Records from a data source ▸
--- START ---
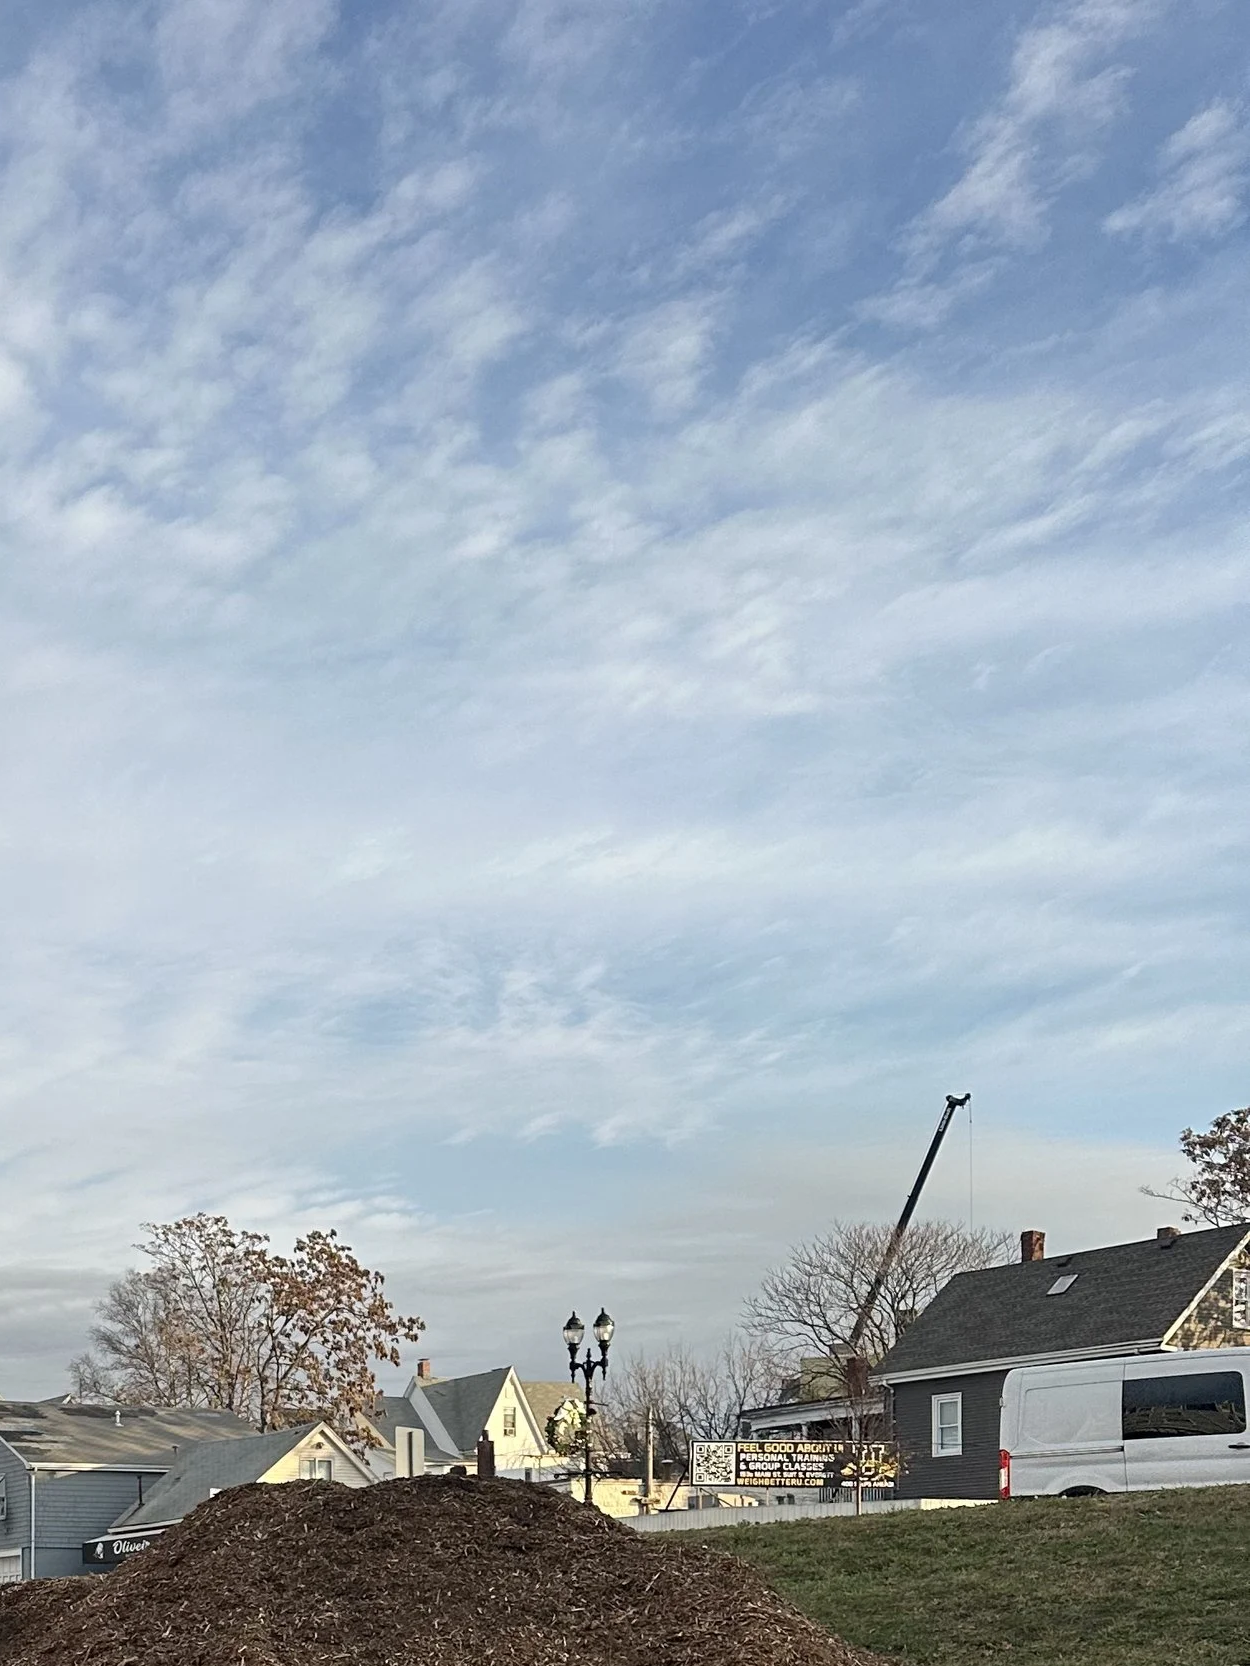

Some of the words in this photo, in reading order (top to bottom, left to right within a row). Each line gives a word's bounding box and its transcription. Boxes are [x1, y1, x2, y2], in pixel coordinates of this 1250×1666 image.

[737, 1443, 762, 1452] FEEL
[764, 1443, 794, 1452] GOOD
[740, 1453, 789, 1461] PERSONAL
[749, 1462, 780, 1470] GROUP
[783, 1462, 825, 1471] CLASSES
[736, 1478, 824, 1486] WEIGHBETTERU.COM
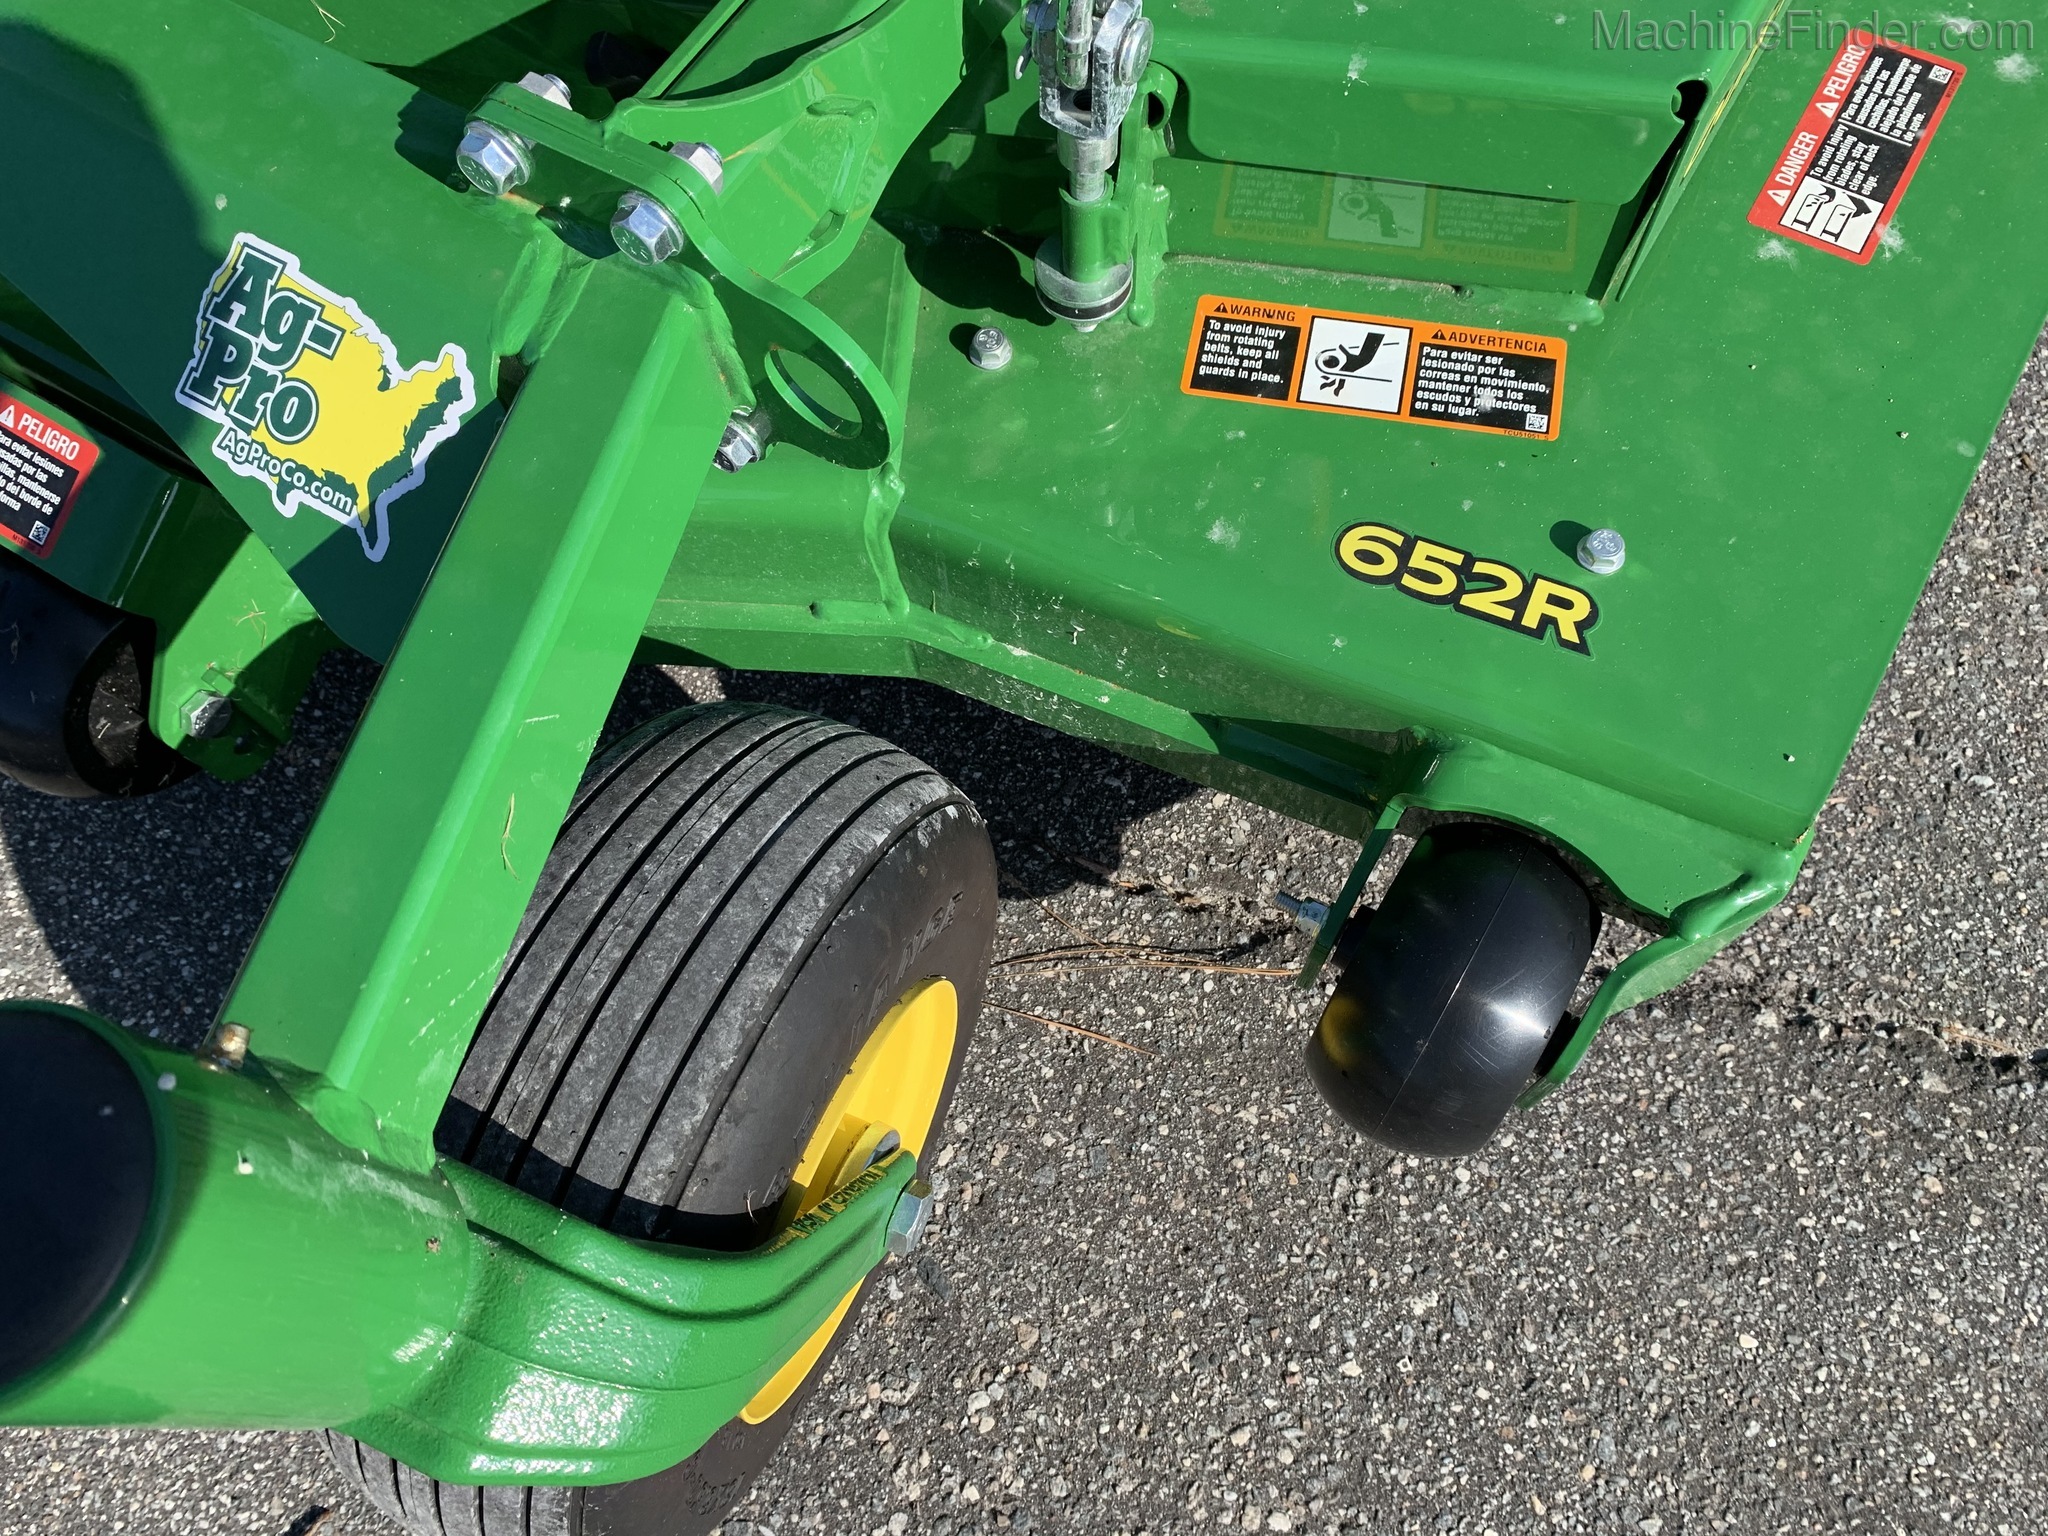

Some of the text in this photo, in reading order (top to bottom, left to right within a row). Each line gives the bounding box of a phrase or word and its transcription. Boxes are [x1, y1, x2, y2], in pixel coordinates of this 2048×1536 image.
--- END ---
Task prompt ▸ Give the data again exactly, without pictures.

Your solution ▸
Some of the words in this photo, in reading order (top to bottom, left to right within a row). Each line gives a word's bounding box and its transcription. Boxes are [x1, y1, x2, y2], in pixel coordinates of this 1250×1666 image.

[737, 1443, 762, 1452] FEEL
[764, 1443, 794, 1452] GOOD
[740, 1453, 789, 1461] PERSONAL
[749, 1462, 780, 1470] GROUP
[783, 1462, 825, 1471] CLASSES
[736, 1478, 824, 1486] WEIGHBETTERU.COM

Some of the text in this photo, in reading order (top to bottom, left to right within a row). Each line gives the bounding box of a phrase or word and its transcription. Boxes are [x1, y1, x2, y2], in pixel coordinates of this 2048×1536 image.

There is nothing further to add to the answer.